__Work instruction__: In the copy you make of the entries, no picture should appear, and every word must match.

__Given records__:
⁂
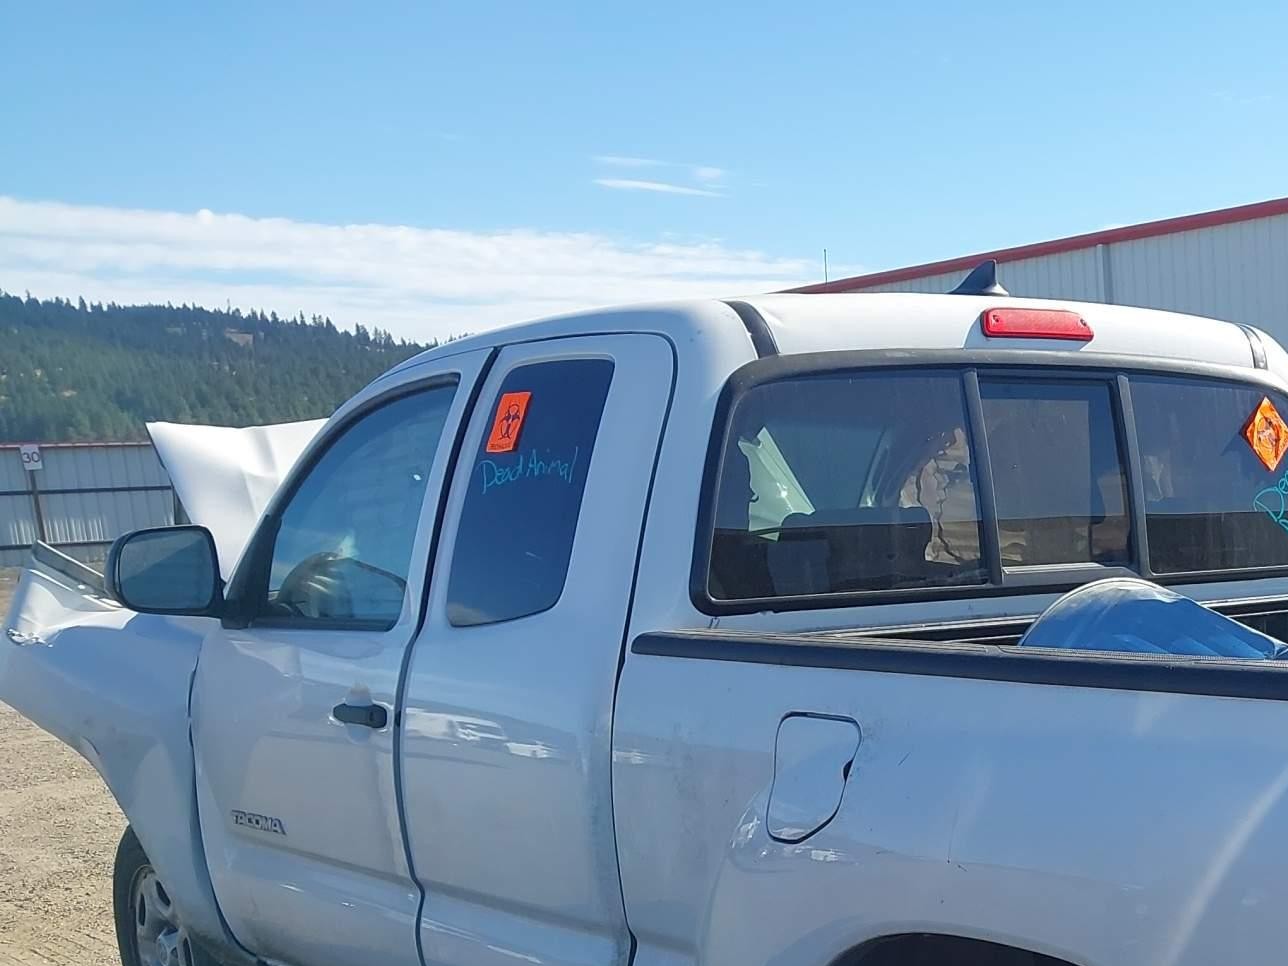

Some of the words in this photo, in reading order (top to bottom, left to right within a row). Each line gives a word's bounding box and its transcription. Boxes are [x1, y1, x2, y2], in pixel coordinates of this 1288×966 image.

[22, 451, 41, 463] 30
[476, 455, 524, 494] Dead
[526, 446, 578, 484] Animal
[231, 809, 287, 835] TACOMA
⁂
__Exercise response__:
Some of the words in this photo, in reading order (top to bottom, left to right within a row). Each line gives a word's bounding box and its transcription. Boxes are [x1, y1, x2, y2], in pixel coordinates of this 1288×966 image.

[22, 451, 41, 463] 30
[476, 455, 524, 494] Dead
[526, 446, 578, 484] Animal
[231, 809, 287, 835] TACOMA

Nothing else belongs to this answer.